Ziehste nach Ostfriesland um? 

Ich lasse nichts auf die Delkims kommen, vor allen Dingen wenn man wie ich fast nur mit freier Leiner auf Raubfisch angelt.
Tatsächlich sehr hoher Preis in der Anschaffung. Man beachte aber, Wertverlust gleich null. Habe mir vor 3 Jahren ein neues Set geholt, und mein
altes, 10 Jahre altes Set, für 80 Euro unter damaligen Einkaufspreis verkauft. An den Dingern war gar nichts. Sollte man auch mal Berücksichtigen bzw.
beobachten, z.B. in der Bucht.


----------



## jkc (19. Januar 2021)

Ne, ich bin nur zu faul umzuschrauben. 
Ein Dreiersatz auf dem Rodpod
und einen Dreiersatz auf Banksticks + einen einzelnen Pieper in der Tasche als Reserve.
Wird aber so nicht kommen. 4 Stück werden es maximal, wahrscheinlich nur 3, ich muss aber auch nochmal die Alternativen durchrechnen, wozu auch gehört meine aktuell vorhandenen Delkim EV+ in Zahl und Funk per Dongle zu erweitern.
Meine ersten Delkims habe ich 2005 gebraucht gekauft, davon ist bei einem aber jetzt der Sensor platt, aber ich mag sie auch.
Der EV+ ist doch geradezu günstig.

Grüße JK


----------



## jkc (21. Januar 2021)

Sou, ich habe die Dinger heute bekommen. Eins kann ich jetzt schon sagen (war mir aber auch vorm Kauf klar), das digitale Bedienkonzept finde ich nicht optimal, ehrlich gesagt richtig schlecht. Mal abgesehen davon, dass ein Aufdruck auf den Tasten mit der Hauptfunktion nicht sooo dumm gewesen wäre, kann man erstens nicht sehen, was gerade eingestellt ist und zweitens kann man nur in eine Richtung schalten. Z.B. wenn ich den Bissanzeiger leiser stellen möchte, muss ich zwangsläufig durch die lauten Stufen schalten, wobei auch bei jedem Schritt rumgepiept wird; unaufdringlich ist anders.
Die Funktionen an sich finde ich aber gut und qualitativ erscheints mir wie erwartet 1a.
Richtiger Knaller ist der Delkim Sound. 

Grüße JK


----------



## Tuxedo75 (22. Januar 2021)

Glückwunsch @jkc auch wenn nicht zu 100% zufrieden 
Auf der Homepage von Carpsounder ist auch die Bedienungsanleitung zu finden, dort wäre das vorher ersichtlich gewesen, sorry dass ich dich nicht darauf hingewiesen habe. Mir fällt das eigentlich auch kaum auf, da ich meistens die selben Einstellungen für mehrere Gewässer habe und da sind die Bissanzeiger stumm und nur der Empfänger mit Ton.

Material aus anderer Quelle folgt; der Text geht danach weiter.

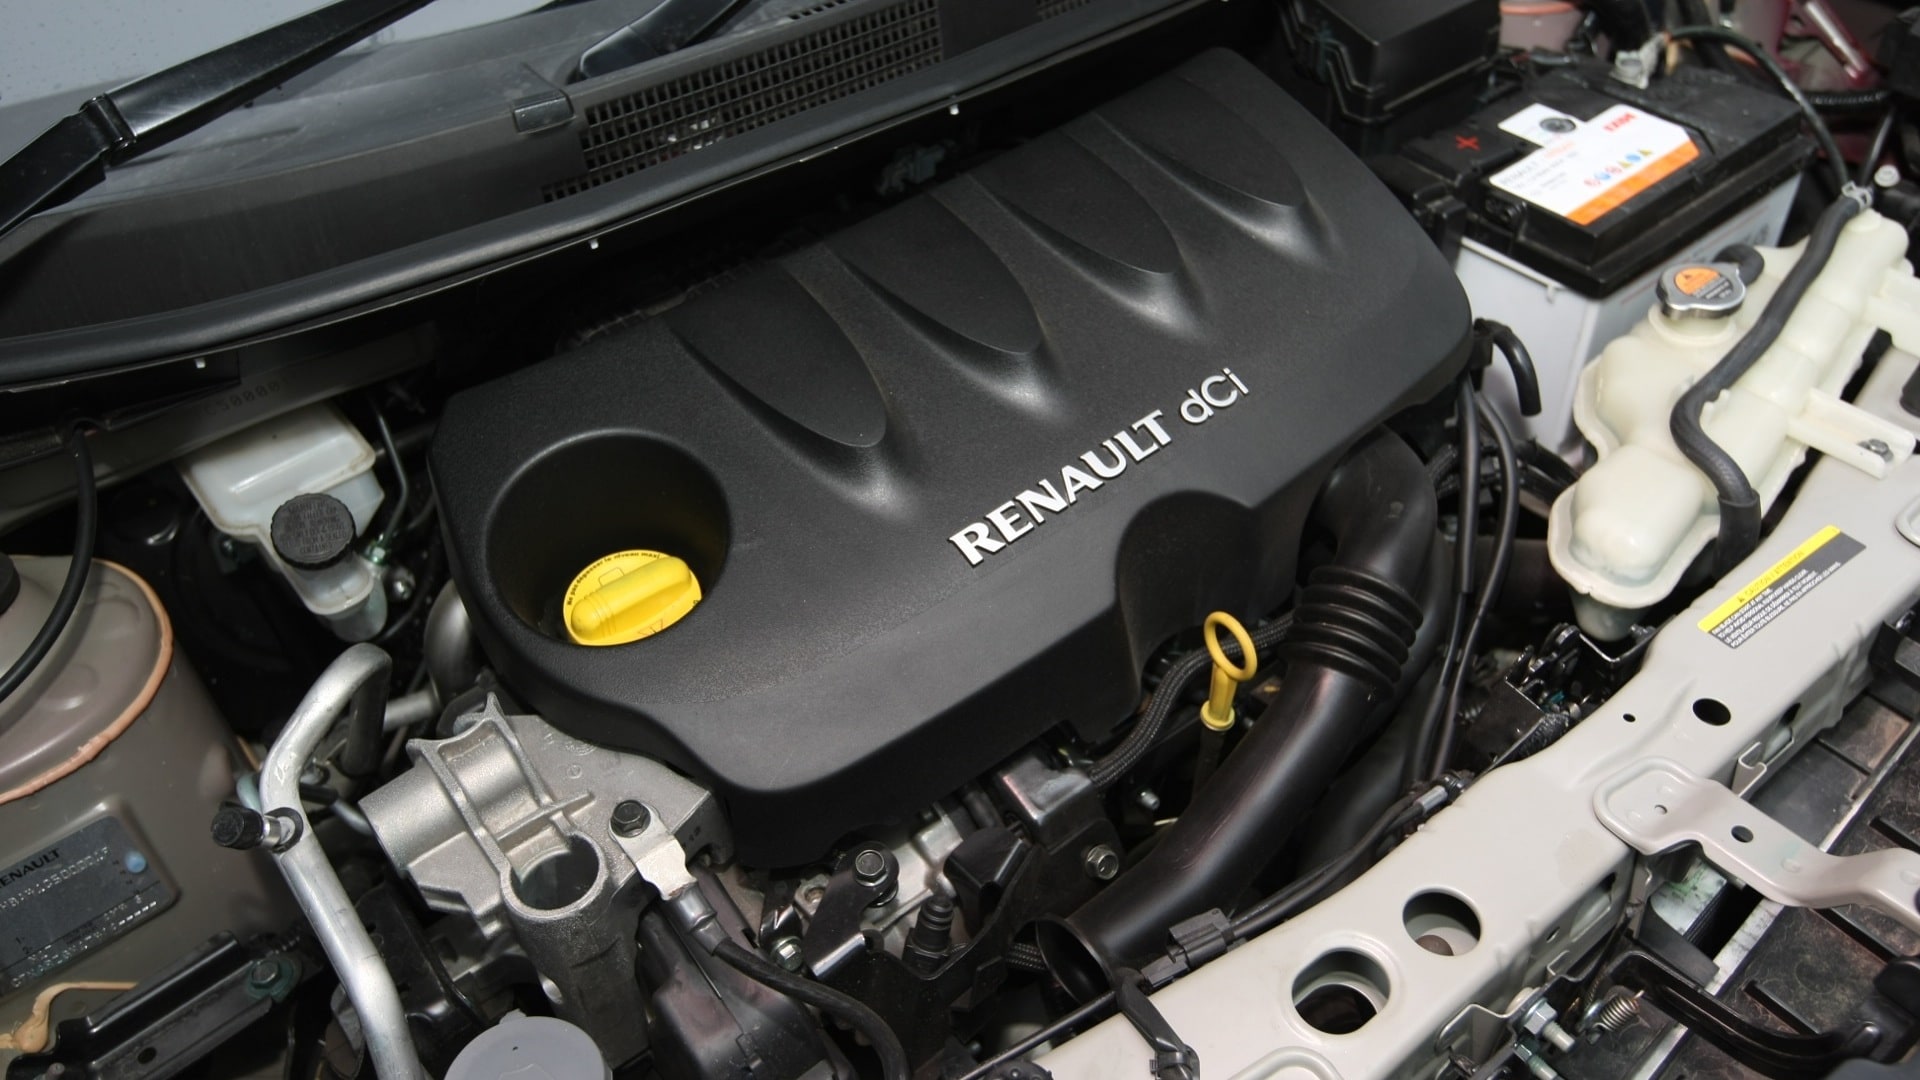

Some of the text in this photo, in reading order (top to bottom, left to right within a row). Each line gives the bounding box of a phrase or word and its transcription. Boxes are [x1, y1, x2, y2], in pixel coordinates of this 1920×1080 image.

[948, 366, 1250, 567] RENAULT dCi
[0, 847, 60, 889] ENAULT

Als ich die das erste mal in Wallau gehört habe, musste ich auch schmunzeln, finde es aber geil.


----------



## jkc (22. Januar 2021)

Ne, alles gut ich bin nicht unzufrieden, ich hätte es nur anders gemacht und es fällt mir schwer nachzuvollziehen warum man das so baut. Wie gesagt, war mir das ja auch schon vorm Kauf klar. Ich hatte mir die vorhandenen Produktvorstellungen auf YouTube angesehen wo das ja schon deutlich wird.
Bedienkonzept ist ja auch "nur" ein Teil des gesamten Systems und mir ging es vorwiegend um Langlebigkeit bei tauglichem Funktionsumfang und das sollte hier passen.

Ich denke, dass es evtl. auch bei mir dazu führt, dass ich öfters die Funke nutze (bisher war die Funke wenn ich alleine unterwegs bin praktisch immer aus), die lässt sich ja in beide Richtungen schalten. Bissanzeiger dann immer auf minimal notwendiger Lautstärke...muss nur checken ob mir die Standzeit des Empfängerakkus dann taugt. Bei meinen bisher genutzten ACE i3 war die Funke recht zügig leer...


Dank und Gruß JK


----------



## Speci.hunter (24. Januar 2021)

jkc schrieb:


> Sou, ich habe die Dinger heute bekommen. Eins kann ich jetzt schon sagen (war mir aber auch vorm Kauf klar), das digitale Bedienkonzept finde ich nicht optimal, ehrlich gesagt richtig schlecht. Mal abgesehen davon, dass ein Aufdruck auf den Tasten mit der Hauptfunktion nicht sooo dumm gewesen wäre, kann man erstens nicht sehen, was gerade eingestellt ist und zweitens kann man nur in eine Richtung schalten. Z.B. wenn ich den Bissanzeiger leiser stellen möchte, muss ich zwangsläufig durch die lauten Stufen schalten, wobei auch bei jedem Schritt rumgepiept wird; unaufdringlich ist anders.
> Die Funktionen an sich finde ich aber gut und qualitativ erscheints mir wie erwartet 1a.
> Richtiger Knaller ist der Delkim Sound.
> 
> Grüße JK


Moin,
Ich habe evenfalls die carpsounder age one bissanzeigern. Welche Einstellung hast du gewählt dass man den ähnlichen Delkim Sound erhält ?


----------



## jkc (24. Januar 2021)

Tonhöhe relativ hell, ich glaube Stufe 6 oder 7 von 9. Empfindlichkeit auf ziemlich sensibel.
Edit: Aber da haben wir's ja schon, ich kann die Einstellung am Bissanzeiger nirgendwo ablesen / sehen. 
...und jetzt verpasse mal 3 Bissanzeigern die selben Einstellungen.


----------



## Speci.hunter (24. Januar 2021)

Vielen Dank, dann schaue ich mal  weiß nicht ob es ein Update gibt aber ich glaube meine age one haben nur eine stufeneinstellubg von 1-6


----------



## PirschHirsch (24. Januar 2021)

jkc schrieb:


> Edit: Aber da haben wir's ja schon, ich kann die Einstellung am Bissanzeiger nirgendwo ablesen / sehen.
> ...und jetzt verpasse mal 3 Bissanzeigern die selben Einstellungen.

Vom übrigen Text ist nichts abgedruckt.